Vietnam or Thailand ? Vote for the TOP Country of the Week !

Bijgewerkt: 22 juni 2025


Zijn hart was tot overloopens toe vol van vreugd, omdat hij zijn tehuis weer zou zien. Hij had veel geleden, maar nu kwam hij weer thuis en alles zou weer goed worden. Hij wist niet, dat hij een van hen zou worden, die niet onder een eigen dak mochten rusten of zich bij een eigen haard koesteren. Kapitein Lennart was recht in zijn schik.

't Geheele kerkhof en de muur en 't veld er om heen was zwart van menschen. De lijkstoet werd geordend voor de consistoriekamer. Men wachtte nog maar op den ouden Proost. Hij was ziek en had niet gepreekt. Maar op de begrafenis van kapitein Lennart had hij beloofd te komen.

Kapitein Lennart ligt nog altijd bewusteloos op het bed. De kamer is vol schreiende menschen; niemand denkt er aan die bedroefde schare te verwijderen. Alle deuren staan open, alle kamers, trappen en gangen zijn vol zwijgende, angstige menschen, tot ver buiten op den weg staan ze op elkaar gepakt.

Toen de overste alles verteld heeft, verheft de kapiteinsvrouw haar stem: "Als hier kavaliers in de kamer zijn, verzoek ik ze heen te gaan. 't Valt mij zwaar hen te zien, nu ik bij het sterfbed van mijn man zit." Zonder een woord meer te spreken staat de overste op en gaat heen. Zoo doen ook Gösta Berling en de andere kavaliers, die kapitein Lennart gevolgd zijn.

"Mijn vrienden," zeide hij en bleef staan om ze allen te gelijk toe te spreken. "Ik heb God gevraagd waarom ik zóó veel heb moeten lijden." "Och, houd toch je mond, Lennart, schei uit met je gepreek," schreeuwde Beerencreutz. "Laat hem doorgaan," riep Sintram, "hij spreekt goed." "Ik heb Hem dat gevraagd. Ik begreep het niet. Maar nu begrijp ik het.

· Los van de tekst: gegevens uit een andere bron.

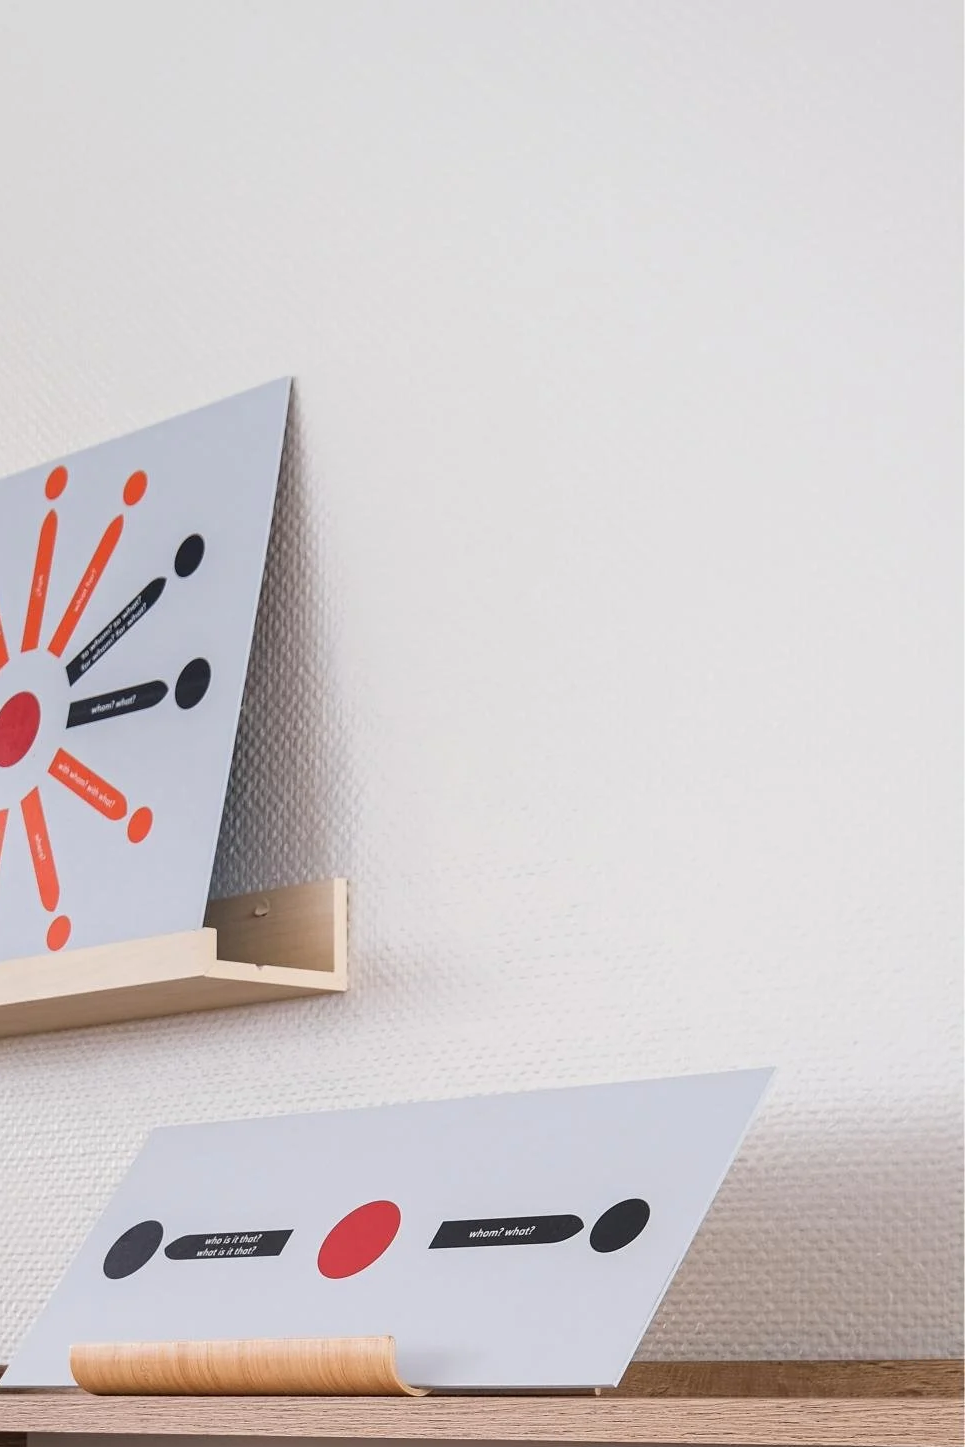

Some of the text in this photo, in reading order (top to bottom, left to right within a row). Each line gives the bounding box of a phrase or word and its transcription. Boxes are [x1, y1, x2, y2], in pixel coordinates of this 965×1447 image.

[89, 623, 113, 652] whom?
[122, 595, 142, 620] what?
[92, 635, 115, 662] whom?
[115, 626, 126, 639] for
[127, 602, 147, 627] what?
[91, 694, 137, 714] whom? what?
[69, 771, 89, 788] whom?
[99, 793, 116, 808] what?
[205, 1233, 263, 1245] who is it that?
[469, 1226, 536, 1239] whom? what?
[196, 1246, 257, 1257] what is it that?
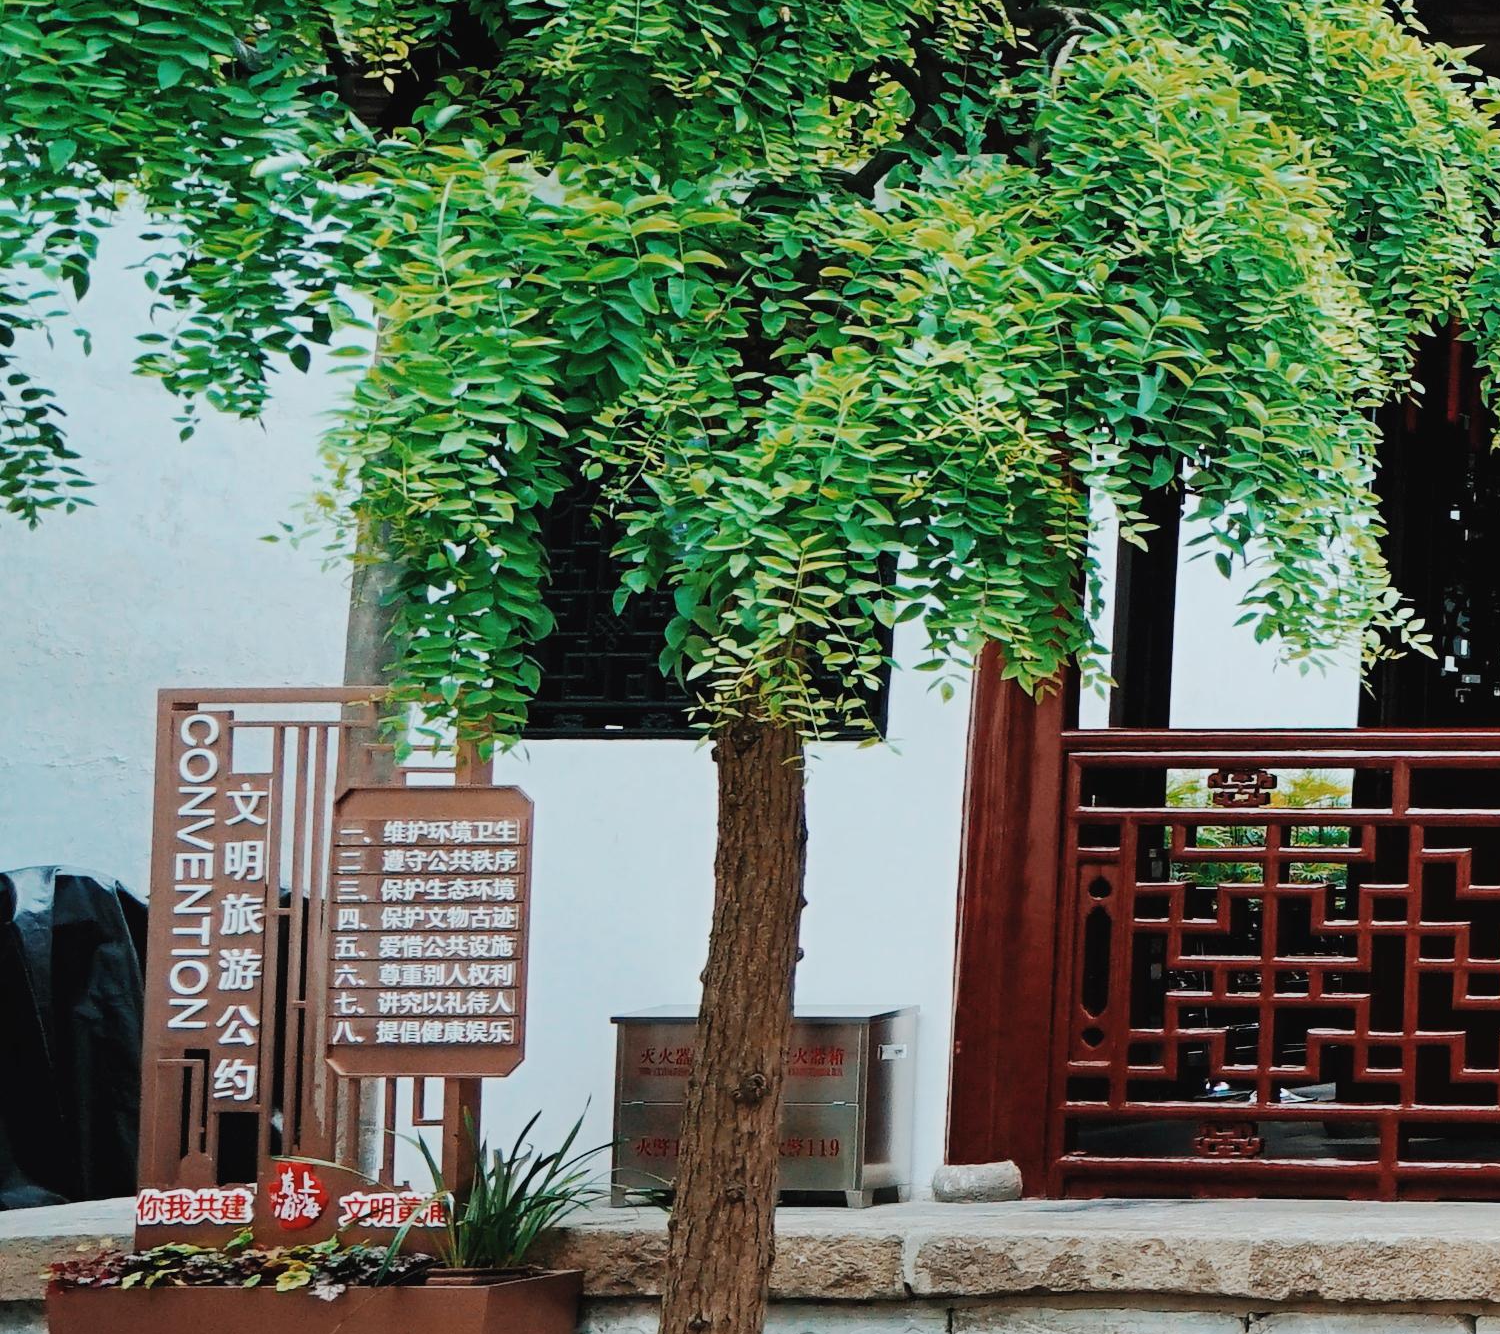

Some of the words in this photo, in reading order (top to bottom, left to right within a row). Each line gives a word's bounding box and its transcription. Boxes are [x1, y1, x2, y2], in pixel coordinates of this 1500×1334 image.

[167, 714, 219, 1030] CONVENTION
[212, 782, 268, 1101] 文明旅游公约
[136, 1190, 249, 1223] 你我共建

Daarop stond hij op en ging heen. En weer werd het drukkend stil in de woning van de kavaliers. Maar voor ieder van hen lagen een paar takjes van den "schandeheuvel". En van die takjes klonken allerlei akelige vragen: "Waar is de Majoorske? Wat is er van Ekeby's eer en macht geworden? Waarom is kapitein Lennart vermoord? Waar is de rijkdom van Löfsjö?"

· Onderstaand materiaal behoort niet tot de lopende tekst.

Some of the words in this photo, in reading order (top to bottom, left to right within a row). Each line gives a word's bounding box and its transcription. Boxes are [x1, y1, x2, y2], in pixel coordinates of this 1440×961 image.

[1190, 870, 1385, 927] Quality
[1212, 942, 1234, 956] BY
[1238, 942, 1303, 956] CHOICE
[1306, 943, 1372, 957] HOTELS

Sintram liet Gösta zweren, dat hij 12 uren na de begrafenis van kapitein Lennart er niet meer zou zijn. Want dan weet ik ten minste, dat je geen brave kerel meer worden kunt." Dat was gemakkelijk te beloven voor Gösta Berling. Hij was er blij om dat hij zijn vrouw de vrijheid hergeven kon. Zijn wroeging had hem voortgejaagd, tot hij doodmoe was.

Kapitein Lennart kwam op een dag bij de arme boeren, die in den omtrek van Gurlita Klätt woonden. Groot was hun nood, zij hadden geen aardappelen meer, en zij konden geen rogge op de afgebrande velden zaaien, want zij hadden geen koren. Toen nam kapitein Lennart een bootje en roeide dwars over 't meer naar Fors en vroeg Sintram om rogge en aardappelen voor de arme boeren.

Die was grof en haastig in elkaar geslagen, maar met rouwfloers en bloemkransen versierd, hij begreep, dat het de kist van kapitein Lennart was. Men had zeker de kapiteinsvrouw verzocht, de begrafenis te verhaasten, zoodat de groote menigte marktbezoekers aan de plechtigheid deel kon nemen. Hij stond naar de kist te zien, toen hij een zware hand op zijn schouders voelde. Sintram stond achter hem.

De herbergierster kon dien man niet genoeg aanzien. Zijn haar was grijs geworden en zijn rug gebogen. Hij had 't zeker niet best gehad. Maar zijn vriendelijk gezicht en zijn goed humeur had hij nog. Hij was nog dezelfde kapitein Lennart, die haar naar het altaar gebracht had, toen zij de bruid was en die bij haar bruiloft gedanst had.